The focus of the project was to gain a better understanding of how to set up and roll out collective energy actions and energy efficiency services. The project built on the knowledge and work within the EU Bridge initiative, ETIP SNET, and others. To successfully deliver this project, the consortium included a complementary group of experts in social science, policy and regulation, implementation, energy aggregation, and energy service development.
The project focused on three levels of collective energy actions:
- Those that already existed at the start of the project and were included in the work plan.
- Those that were initiated throughout the project.
- Those that were not directly partnered in the project but benefited from the exchange and expertise of DECIDE.
Together, they provided a set of complementary and geographically diverse cases, covering social housing as well as middle-class and upper-class neighborhoods in pilot projects based in Austria, Belgium, Estonia, France, Germany, Greece, and the Netherlands.

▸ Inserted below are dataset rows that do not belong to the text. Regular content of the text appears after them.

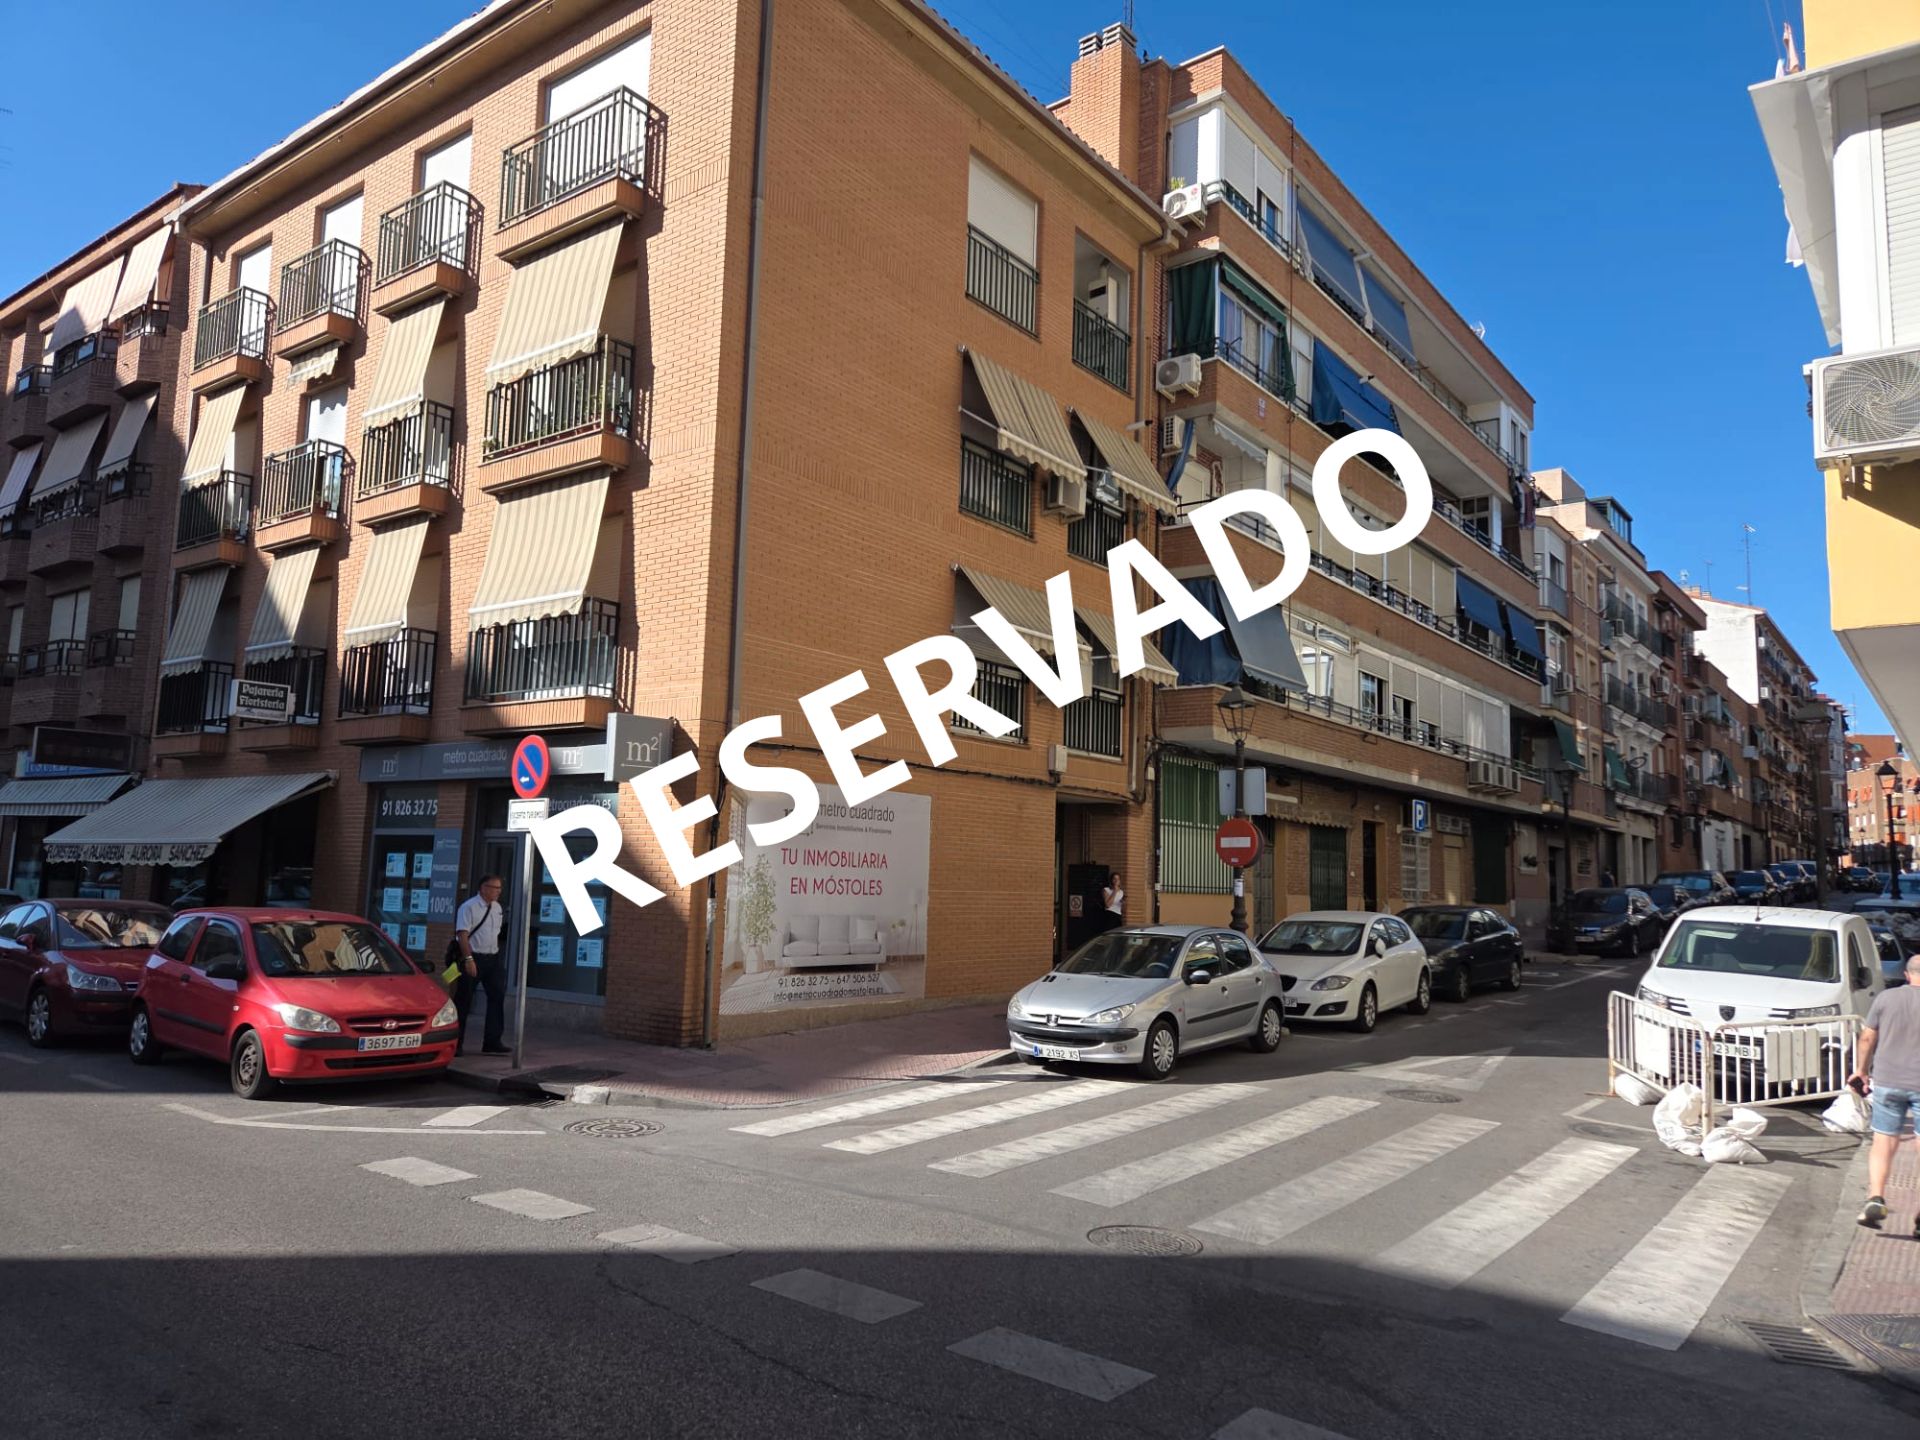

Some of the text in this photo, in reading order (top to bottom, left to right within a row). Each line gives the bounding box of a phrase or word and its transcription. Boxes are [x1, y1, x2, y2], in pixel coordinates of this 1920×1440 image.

[443, 747, 507, 764] metro cuadrado
[382, 799, 438, 816] 91 826 32 75
[819, 802, 895, 822] metro cuadrado
[1416, 803, 1424, 830] P
[781, 848, 888, 869] TU INMOBILIARIA
[790, 875, 883, 896] EN MÓSTOLES
[430, 896, 454, 914] 100%
[778, 978, 787, 988] 91
[791, 977, 805, 988] 826
[808, 976, 818, 986] 32
[820, 975, 829, 985] 75
[837, 975, 850, 985] 647
[367, 1035, 420, 1050] 3697 FGH
[1046, 1048, 1066, 1059] 2192

Another aim of the project was to give insight into different existing and emerging business models for collective actions. These include collective self-consumption, offering modest savings, and profit-oriented models involving large companies, enabling economies of scale. Also focuses on non-monetary benefits like mitigating energy poverty and decarbonization. Some models use umbrella structures to coordinate smaller communities, while hybrid models combine public and private elements. The collective energy action ensured democratic leadership and inclusiveness by ensuring all members had voting rights.

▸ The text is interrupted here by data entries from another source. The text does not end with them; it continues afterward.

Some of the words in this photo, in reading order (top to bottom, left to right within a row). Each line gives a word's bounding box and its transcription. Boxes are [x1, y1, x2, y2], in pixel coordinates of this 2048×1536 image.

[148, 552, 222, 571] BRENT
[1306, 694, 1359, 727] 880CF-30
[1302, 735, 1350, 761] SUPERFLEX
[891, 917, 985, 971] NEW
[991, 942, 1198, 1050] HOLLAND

The pilots delivered the necessary cases for a well-founded outreach strategy built on an extensive social science basis. The project worked on identifying which types of individuals and groups required specific communication and interaction strategies to be motivated to join—i.e., stakeholder segmentation to maximize engagement through targeted actions and prioritization within stakeholder groups. Different methods were tested and evaluated with the identified groups, including techniques such as intergenerational learning.